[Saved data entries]
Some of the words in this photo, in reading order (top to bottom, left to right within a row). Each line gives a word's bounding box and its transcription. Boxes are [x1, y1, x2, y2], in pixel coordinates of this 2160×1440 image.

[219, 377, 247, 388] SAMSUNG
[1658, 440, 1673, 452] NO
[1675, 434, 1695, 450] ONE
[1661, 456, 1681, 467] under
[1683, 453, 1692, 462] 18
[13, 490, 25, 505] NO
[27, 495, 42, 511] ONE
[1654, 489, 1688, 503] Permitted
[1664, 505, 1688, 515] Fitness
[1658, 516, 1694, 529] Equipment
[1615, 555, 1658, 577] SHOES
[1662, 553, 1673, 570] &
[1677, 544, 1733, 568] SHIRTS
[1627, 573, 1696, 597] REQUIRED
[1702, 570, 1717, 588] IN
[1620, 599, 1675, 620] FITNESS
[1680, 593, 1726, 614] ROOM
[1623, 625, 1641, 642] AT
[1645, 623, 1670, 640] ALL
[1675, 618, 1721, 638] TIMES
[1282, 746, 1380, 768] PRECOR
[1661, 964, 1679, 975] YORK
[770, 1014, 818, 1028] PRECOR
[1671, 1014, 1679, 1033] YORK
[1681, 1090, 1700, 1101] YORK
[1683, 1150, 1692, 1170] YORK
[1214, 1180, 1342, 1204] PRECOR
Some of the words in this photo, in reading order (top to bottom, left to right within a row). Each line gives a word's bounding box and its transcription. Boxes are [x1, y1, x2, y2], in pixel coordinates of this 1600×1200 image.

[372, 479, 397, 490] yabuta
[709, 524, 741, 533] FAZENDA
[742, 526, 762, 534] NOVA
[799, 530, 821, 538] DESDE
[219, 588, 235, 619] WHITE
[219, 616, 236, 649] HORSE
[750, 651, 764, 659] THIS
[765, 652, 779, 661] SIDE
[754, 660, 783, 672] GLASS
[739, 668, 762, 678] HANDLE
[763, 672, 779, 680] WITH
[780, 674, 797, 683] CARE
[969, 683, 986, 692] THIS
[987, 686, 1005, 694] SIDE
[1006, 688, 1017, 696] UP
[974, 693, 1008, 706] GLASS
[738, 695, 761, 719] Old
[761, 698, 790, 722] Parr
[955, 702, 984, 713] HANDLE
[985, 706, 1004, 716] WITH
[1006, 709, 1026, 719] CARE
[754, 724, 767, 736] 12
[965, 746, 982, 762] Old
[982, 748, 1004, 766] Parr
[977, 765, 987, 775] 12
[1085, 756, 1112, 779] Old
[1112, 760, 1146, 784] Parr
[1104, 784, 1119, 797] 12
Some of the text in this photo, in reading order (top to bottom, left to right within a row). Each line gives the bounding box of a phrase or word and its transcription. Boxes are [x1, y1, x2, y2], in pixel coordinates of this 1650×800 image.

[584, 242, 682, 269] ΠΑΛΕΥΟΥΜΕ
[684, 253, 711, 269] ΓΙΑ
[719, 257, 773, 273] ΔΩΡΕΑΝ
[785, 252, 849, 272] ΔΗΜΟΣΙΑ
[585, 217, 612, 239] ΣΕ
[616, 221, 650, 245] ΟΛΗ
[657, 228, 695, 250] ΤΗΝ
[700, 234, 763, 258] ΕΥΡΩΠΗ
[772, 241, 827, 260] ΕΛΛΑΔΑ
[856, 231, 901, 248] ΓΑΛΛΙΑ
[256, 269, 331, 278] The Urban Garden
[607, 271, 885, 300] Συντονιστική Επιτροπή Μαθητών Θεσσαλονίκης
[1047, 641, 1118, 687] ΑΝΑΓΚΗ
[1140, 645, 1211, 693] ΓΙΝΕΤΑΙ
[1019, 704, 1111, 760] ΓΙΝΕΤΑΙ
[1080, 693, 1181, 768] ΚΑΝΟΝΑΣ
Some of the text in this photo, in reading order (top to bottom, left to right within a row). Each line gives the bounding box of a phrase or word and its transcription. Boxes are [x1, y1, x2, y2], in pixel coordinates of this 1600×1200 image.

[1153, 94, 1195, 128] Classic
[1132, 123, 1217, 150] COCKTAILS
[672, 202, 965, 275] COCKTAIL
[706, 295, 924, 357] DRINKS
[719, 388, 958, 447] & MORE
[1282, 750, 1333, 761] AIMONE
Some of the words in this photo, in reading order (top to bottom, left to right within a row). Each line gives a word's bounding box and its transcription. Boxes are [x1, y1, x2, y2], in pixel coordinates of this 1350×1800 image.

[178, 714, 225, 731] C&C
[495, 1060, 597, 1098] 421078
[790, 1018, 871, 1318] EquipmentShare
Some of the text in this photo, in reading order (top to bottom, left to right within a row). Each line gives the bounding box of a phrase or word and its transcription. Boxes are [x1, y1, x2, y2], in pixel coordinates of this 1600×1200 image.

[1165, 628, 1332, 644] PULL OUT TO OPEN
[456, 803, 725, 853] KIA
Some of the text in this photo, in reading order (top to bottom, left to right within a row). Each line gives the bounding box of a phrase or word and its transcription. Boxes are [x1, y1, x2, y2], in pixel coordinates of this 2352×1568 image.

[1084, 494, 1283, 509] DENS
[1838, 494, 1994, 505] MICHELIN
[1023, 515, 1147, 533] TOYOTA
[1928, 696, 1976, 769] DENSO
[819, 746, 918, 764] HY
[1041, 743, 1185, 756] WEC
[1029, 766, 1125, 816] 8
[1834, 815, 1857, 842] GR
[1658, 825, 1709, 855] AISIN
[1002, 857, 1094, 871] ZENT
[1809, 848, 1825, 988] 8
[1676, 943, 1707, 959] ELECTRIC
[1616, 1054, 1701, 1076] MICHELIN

**WHAT THIS TASK INVOLVES**
Each entry above needs to be output exactly as written.

**RESULT**
Some of the words in this photo, in reading order (top to bottom, left to right within a row). Each line gives a word's bounding box and its transcription. Boxes are [x1, y1, x2, y2], in pixel coordinates of this 2160×1440 image.

[219, 377, 247, 388] SAMSUNG
[1658, 440, 1673, 452] NO
[1675, 434, 1695, 450] ONE
[1661, 456, 1681, 467] under
[1683, 453, 1692, 462] 18
[13, 490, 25, 505] NO
[27, 495, 42, 511] ONE
[1654, 489, 1688, 503] Permitted
[1664, 505, 1688, 515] Fitness
[1658, 516, 1694, 529] Equipment
[1615, 555, 1658, 577] SHOES
[1662, 553, 1673, 570] &
[1677, 544, 1733, 568] SHIRTS
[1627, 573, 1696, 597] REQUIRED
[1702, 570, 1717, 588] IN
[1620, 599, 1675, 620] FITNESS
[1680, 593, 1726, 614] ROOM
[1623, 625, 1641, 642] AT
[1645, 623, 1670, 640] ALL
[1675, 618, 1721, 638] TIMES
[1282, 746, 1380, 768] PRECOR
[1661, 964, 1679, 975] YORK
[770, 1014, 818, 1028] PRECOR
[1671, 1014, 1679, 1033] YORK
[1681, 1090, 1700, 1101] YORK
[1683, 1150, 1692, 1170] YORK
[1214, 1180, 1342, 1204] PRECOR
Some of the words in this photo, in reading order (top to bottom, left to right within a row). Each line gives a word's bounding box and its transcription. Boxes are [x1, y1, x2, y2], in pixel coordinates of this 1600×1200 image.

[372, 479, 397, 490] yabuta
[709, 524, 741, 533] FAZENDA
[742, 526, 762, 534] NOVA
[799, 530, 821, 538] DESDE
[219, 588, 235, 619] WHITE
[219, 616, 236, 649] HORSE
[750, 651, 764, 659] THIS
[765, 652, 779, 661] SIDE
[754, 660, 783, 672] GLASS
[739, 668, 762, 678] HANDLE
[763, 672, 779, 680] WITH
[780, 674, 797, 683] CARE
[969, 683, 986, 692] THIS
[987, 686, 1005, 694] SIDE
[1006, 688, 1017, 696] UP
[974, 693, 1008, 706] GLASS
[738, 695, 761, 719] Old
[761, 698, 790, 722] Parr
[955, 702, 984, 713] HANDLE
[985, 706, 1004, 716] WITH
[1006, 709, 1026, 719] CARE
[754, 724, 767, 736] 12
[965, 746, 982, 762] Old
[982, 748, 1004, 766] Parr
[977, 765, 987, 775] 12
[1085, 756, 1112, 779] Old
[1112, 760, 1146, 784] Parr
[1104, 784, 1119, 797] 12
Some of the text in this photo, in reading order (top to bottom, left to right within a row). Each line gives the bounding box of a phrase or word and its transcription. Boxes are [x1, y1, x2, y2], in pixel coordinates of this 1650×800 image.

[584, 242, 682, 269] ΠΑΛΕΥΟΥΜΕ
[684, 253, 711, 269] ΓΙΑ
[719, 257, 773, 273] ΔΩΡΕΑΝ
[785, 252, 849, 272] ΔΗΜΟΣΙΑ
[585, 217, 612, 239] ΣΕ
[616, 221, 650, 245] ΟΛΗ
[657, 228, 695, 250] ΤΗΝ
[700, 234, 763, 258] ΕΥΡΩΠΗ
[772, 241, 827, 260] ΕΛΛΑΔΑ
[856, 231, 901, 248] ΓΑΛΛΙΑ
[256, 269, 331, 278] The Urban Garden
[607, 271, 885, 300] Συντονιστική Επιτροπή Μαθητών Θεσσαλονίκης
[1047, 641, 1118, 687] ΑΝΑΓΚΗ
[1140, 645, 1211, 693] ΓΙΝΕΤΑΙ
[1019, 704, 1111, 760] ΓΙΝΕΤΑΙ
[1080, 693, 1181, 768] ΚΑΝΟΝΑΣ
Some of the text in this photo, in reading order (top to bottom, left to right within a row). Each line gives the bounding box of a phrase or word and its transcription. Boxes are [x1, y1, x2, y2], in pixel coordinates of this 1600×1200 image.

[1153, 94, 1195, 128] Classic
[1132, 123, 1217, 150] COCKTAILS
[672, 202, 965, 275] COCKTAIL
[706, 295, 924, 357] DRINKS
[719, 388, 958, 447] & MORE
[1282, 750, 1333, 761] AIMONE
Some of the words in this photo, in reading order (top to bottom, left to right within a row). Each line gives a word's bounding box and its transcription. Boxes are [x1, y1, x2, y2], in pixel coordinates of this 1350×1800 image.

[178, 714, 225, 731] C&C
[495, 1060, 597, 1098] 421078
[790, 1018, 871, 1318] EquipmentShare
Some of the text in this photo, in reading order (top to bottom, left to right within a row). Each line gives the bounding box of a phrase or word and its transcription. Boxes are [x1, y1, x2, y2], in pixel coordinates of this 1600×1200 image.

[1165, 628, 1332, 644] PULL OUT TO OPEN
[456, 803, 725, 853] KIA
Some of the text in this photo, in reading order (top to bottom, left to right within a row). Each line gives the bounding box of a phrase or word and its transcription. Boxes are [x1, y1, x2, y2], in pixel coordinates of this 2352×1568 image.

[1084, 494, 1283, 509] DENS
[1838, 494, 1994, 505] MICHELIN
[1023, 515, 1147, 533] TOYOTA
[1928, 696, 1976, 769] DENSO
[819, 746, 918, 764] HY
[1041, 743, 1185, 756] WEC
[1029, 766, 1125, 816] 8
[1834, 815, 1857, 842] GR
[1658, 825, 1709, 855] AISIN
[1002, 857, 1094, 871] ZENT
[1809, 848, 1825, 988] 8
[1676, 943, 1707, 959] ELECTRIC
[1616, 1054, 1701, 1076] MICHELIN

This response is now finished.